Shuria, the part-elven half-sister of a depraved spellcaster (Eumis Elmia), is one such willing victim. Betrayed by her noble family, by Eumis, by her attendants, and everyone else she thought trustworthy, the girl finds ersatz kindness in Kaito's hollow eyes. And so, when it comes time to put Eumis in her place, Shuria is more than ready. THE HERO LAUGHS v3 continues to surprise insofar as creative torture scenes and heart-wrenching death gambits are concerned. Brilliantly, Shuria's dark transformation burns hot and bright. Kaito is intelligent. Minnalis is impertinent. And Shuria is a sadist. What a team.
The book's integration of Shuria into the band of vengeance seekers is awkward and amusing, since Minnalis's understated personality finds an odd partner in Shuria's strict submissiveness. The duo's true potential comes out on the battlefield, when Minnalis and her potion-making finds a willing teammate in Shuria and her dark puppetry (Shuria: "Oh dear, does it hurt already? I'm afraid there's still a lot more to come if you're to feel the pain of those you murdered," page 56).
THE HERO LAUGHS v3 isn't a smooth read, but it gets the job done. This book inherited some of the previous volume's structural problems, but it's delivery on the climax helped pay off some of those frustrations. To be frank, the novel's conclusion wraps up by page 95. And the title's subsequent, 72-page flashback is an agonizing detour. As much as one wants to learn about Kaito's relationship with the forty-seventh demon lord, Leticia Lu Harleston, one could do without the author dedicating one-third of the whole book to a cheesy dungeon crawl to do so.
The information glut from the previous volume bled over and into the current book. The final result of which gives readers a corrosive mixing and matching of backstory content, filler content, and side-story content of varying quality. Between the second and third volumes, together, a decent editor may find one really good book.

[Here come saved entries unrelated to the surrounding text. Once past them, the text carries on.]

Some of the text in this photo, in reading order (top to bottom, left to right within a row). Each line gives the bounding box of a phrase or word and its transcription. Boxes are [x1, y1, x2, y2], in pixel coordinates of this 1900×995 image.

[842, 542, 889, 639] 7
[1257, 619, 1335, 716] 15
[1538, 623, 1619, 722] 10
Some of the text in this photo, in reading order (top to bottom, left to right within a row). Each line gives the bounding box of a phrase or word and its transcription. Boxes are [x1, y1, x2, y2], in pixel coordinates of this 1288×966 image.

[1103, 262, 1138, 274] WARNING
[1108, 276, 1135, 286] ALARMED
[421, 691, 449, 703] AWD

For example, in the current volume, readers encounter a mysterious cleric (Metelia Laurelia), who for reasons unexplained, was also reborn into this world with memories of Kaito's previous heroic adventures. Priestess Metelia possesses a singular affection for the young man and pledges to snag him for herself this time around. Definitely an interesting wrinkle. Except, the author doesn't explain how or why Metelia knows what she knows, or why she seeks Kaito so vehemently. One could read between the lines of a passage or two and contrive a felo-de-se of sorts, but until further notice, the young woman's situation is entirely random and entirely unclear.

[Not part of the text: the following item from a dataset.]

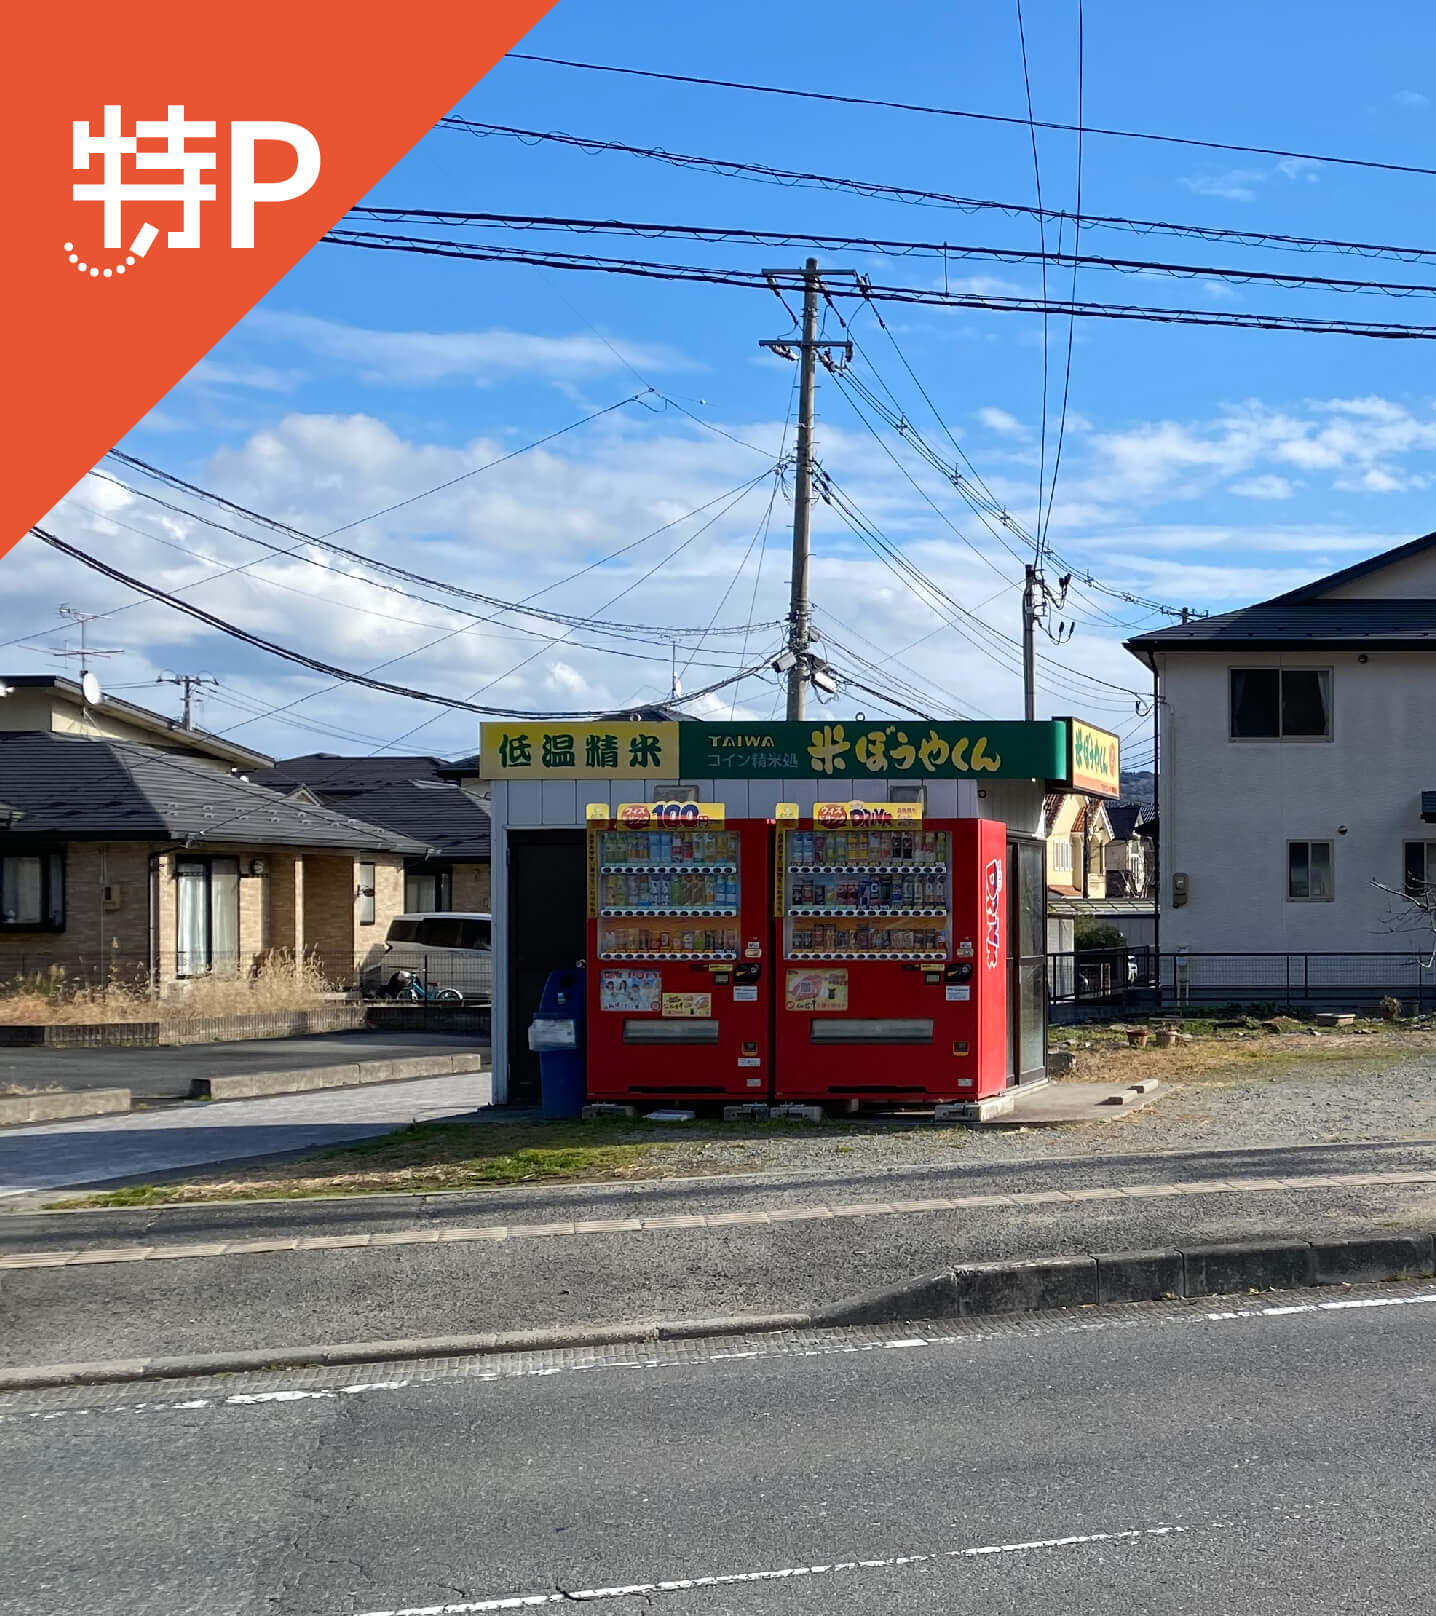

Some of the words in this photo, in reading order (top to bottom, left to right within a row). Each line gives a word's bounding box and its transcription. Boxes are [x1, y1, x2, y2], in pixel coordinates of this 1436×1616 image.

[498, 733, 662, 768] 低温精米
[708, 735, 775, 747] TAIWA
[808, 724, 1001, 774] 米ぼうやくん
[707, 752, 798, 768] コイン精米処

And so, readers conclude THE HERO LAUGHS v3 the same way they finished the previous volume: more exquisite action, more onerous and irrelevant side stories, a few clever additions to the secondary cast, and the anemic promise of something substantive on the horizon. A pattern seems to be emerging.
This one's was very gruesome, in some ways more so then the others. But it still explained why they did what they did and in a very good story telling kind of way.
Kaito and company get some more of that revenge. Half of the volume is side stories of flashbacks and future setups. Flashback story could have been from a different light novel and I thought it was best part of this book. Kind of looking forward to next one.